The answer must reproduce all of the data below exactly and contain no images.

Dataset excerpts:
------------------------------------------------

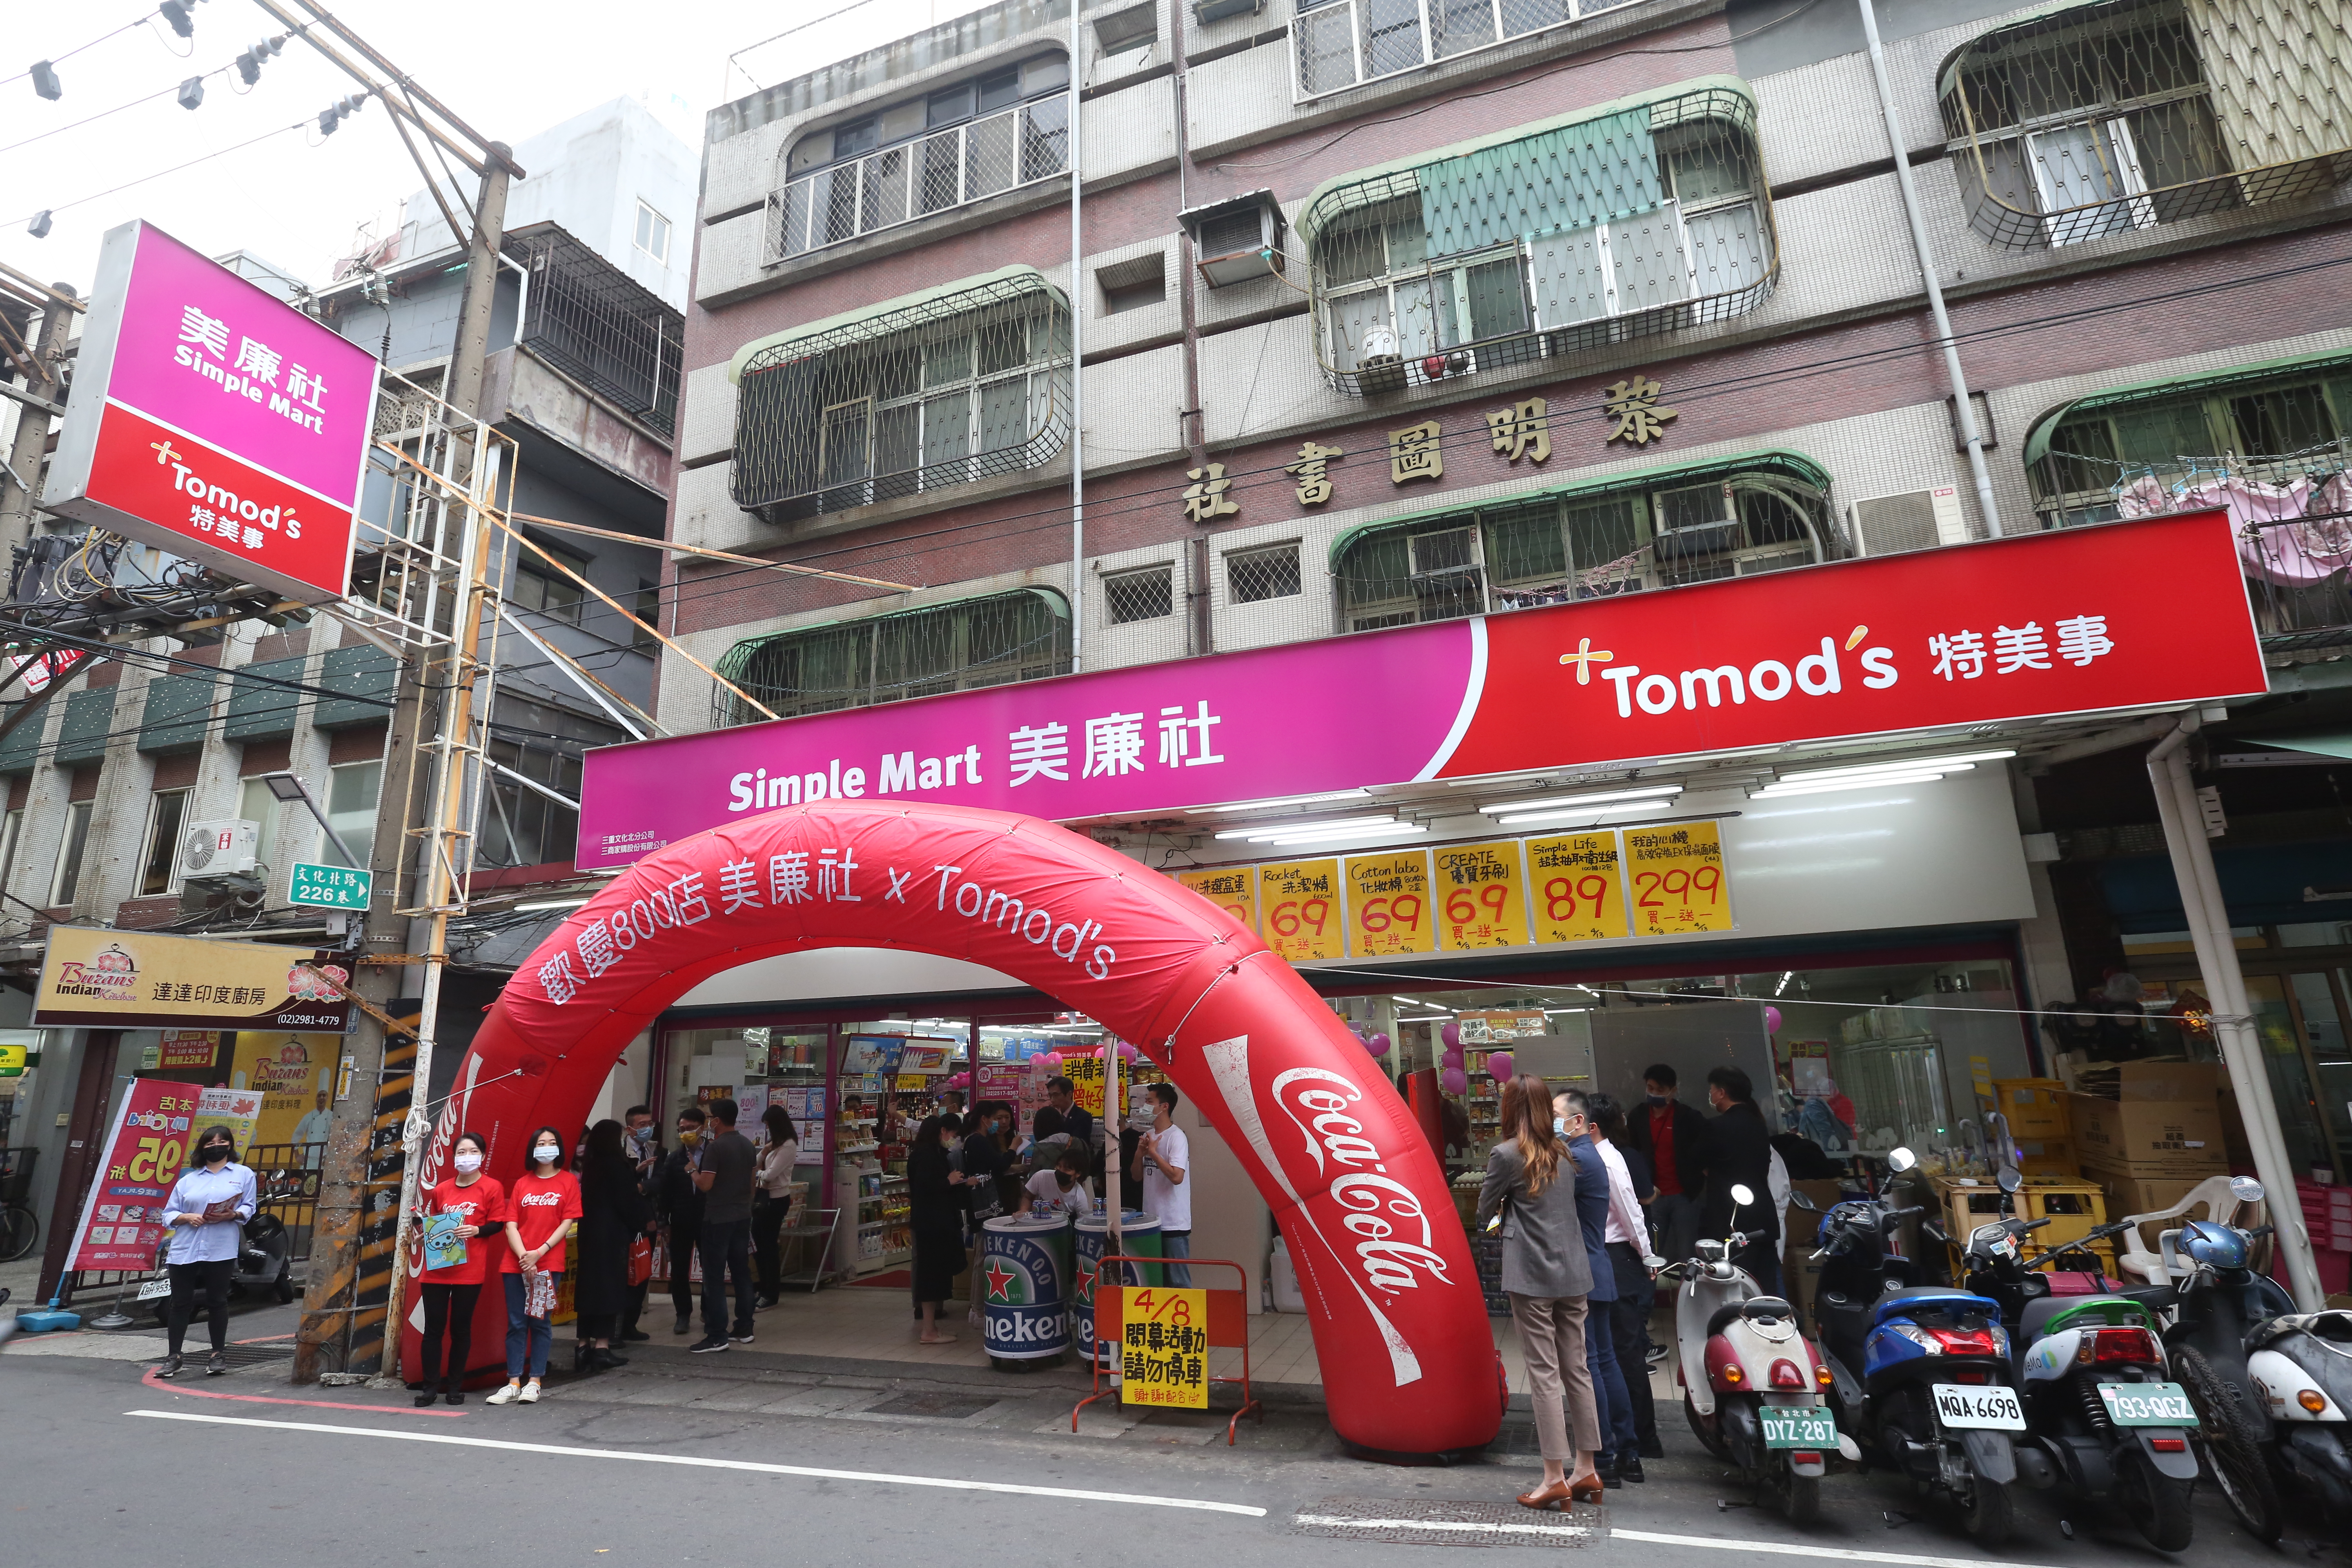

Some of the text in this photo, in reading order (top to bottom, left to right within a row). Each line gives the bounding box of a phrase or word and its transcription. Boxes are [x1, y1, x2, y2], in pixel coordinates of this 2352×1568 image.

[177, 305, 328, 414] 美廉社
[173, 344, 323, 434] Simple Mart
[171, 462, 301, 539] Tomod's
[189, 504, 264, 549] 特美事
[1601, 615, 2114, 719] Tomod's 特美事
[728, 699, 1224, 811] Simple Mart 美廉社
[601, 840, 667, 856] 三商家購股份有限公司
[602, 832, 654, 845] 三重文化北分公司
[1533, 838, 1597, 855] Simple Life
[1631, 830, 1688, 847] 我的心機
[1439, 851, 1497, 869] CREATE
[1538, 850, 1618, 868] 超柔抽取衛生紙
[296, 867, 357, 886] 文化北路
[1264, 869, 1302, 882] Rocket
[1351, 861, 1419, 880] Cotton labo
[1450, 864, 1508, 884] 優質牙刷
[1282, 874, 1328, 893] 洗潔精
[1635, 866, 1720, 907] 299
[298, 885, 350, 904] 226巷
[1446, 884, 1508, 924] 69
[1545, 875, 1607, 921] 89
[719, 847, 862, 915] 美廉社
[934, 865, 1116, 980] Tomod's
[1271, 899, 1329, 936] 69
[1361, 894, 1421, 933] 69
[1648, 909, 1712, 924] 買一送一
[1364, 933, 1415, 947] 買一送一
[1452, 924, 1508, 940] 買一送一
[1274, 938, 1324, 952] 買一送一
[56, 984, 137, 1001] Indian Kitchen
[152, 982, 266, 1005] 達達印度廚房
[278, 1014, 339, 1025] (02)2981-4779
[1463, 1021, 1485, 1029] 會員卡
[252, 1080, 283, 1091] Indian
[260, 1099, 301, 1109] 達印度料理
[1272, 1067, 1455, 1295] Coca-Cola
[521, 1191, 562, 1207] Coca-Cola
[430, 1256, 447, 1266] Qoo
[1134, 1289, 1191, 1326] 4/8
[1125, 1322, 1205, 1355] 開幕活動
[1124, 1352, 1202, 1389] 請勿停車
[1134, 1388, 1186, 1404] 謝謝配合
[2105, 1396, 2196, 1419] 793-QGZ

------------------------------------------------

Answer to this task:
Some of the text in this photo, in reading order (top to bottom, left to right within a row). Each line gives the bounding box of a phrase or word and its transcription. Boxes are [x1, y1, x2, y2], in pixel coordinates of this 2352×1568 image.

[177, 305, 328, 414] 美廉社
[173, 344, 323, 434] Simple Mart
[171, 462, 301, 539] Tomod's
[189, 504, 264, 549] 特美事
[1601, 615, 2114, 719] Tomod's 特美事
[728, 699, 1224, 811] Simple Mart 美廉社
[601, 840, 667, 856] 三商家購股份有限公司
[602, 832, 654, 845] 三重文化北分公司
[1533, 838, 1597, 855] Simple Life
[1631, 830, 1688, 847] 我的心機
[1439, 851, 1497, 869] CREATE
[1538, 850, 1618, 868] 超柔抽取衛生紙
[296, 867, 357, 886] 文化北路
[1264, 869, 1302, 882] Rocket
[1351, 861, 1419, 880] Cotton labo
[1450, 864, 1508, 884] 優質牙刷
[1282, 874, 1328, 893] 洗潔精
[1635, 866, 1720, 907] 299
[298, 885, 350, 904] 226巷
[1446, 884, 1508, 924] 69
[1545, 875, 1607, 921] 89
[719, 847, 862, 915] 美廉社
[934, 865, 1116, 980] Tomod's
[1271, 899, 1329, 936] 69
[1361, 894, 1421, 933] 69
[1648, 909, 1712, 924] 買一送一
[1364, 933, 1415, 947] 買一送一
[1452, 924, 1508, 940] 買一送一
[1274, 938, 1324, 952] 買一送一
[56, 984, 137, 1001] Indian Kitchen
[152, 982, 266, 1005] 達達印度廚房
[278, 1014, 339, 1025] (02)2981-4779
[1463, 1021, 1485, 1029] 會員卡
[252, 1080, 283, 1091] Indian
[260, 1099, 301, 1109] 達印度料理
[1272, 1067, 1455, 1295] Coca-Cola
[521, 1191, 562, 1207] Coca-Cola
[430, 1256, 447, 1266] Qoo
[1134, 1289, 1191, 1326] 4/8
[1125, 1322, 1205, 1355] 開幕活動
[1124, 1352, 1202, 1389] 請勿停車
[1134, 1388, 1186, 1404] 謝謝配合
[2105, 1396, 2196, 1419] 793-QGZ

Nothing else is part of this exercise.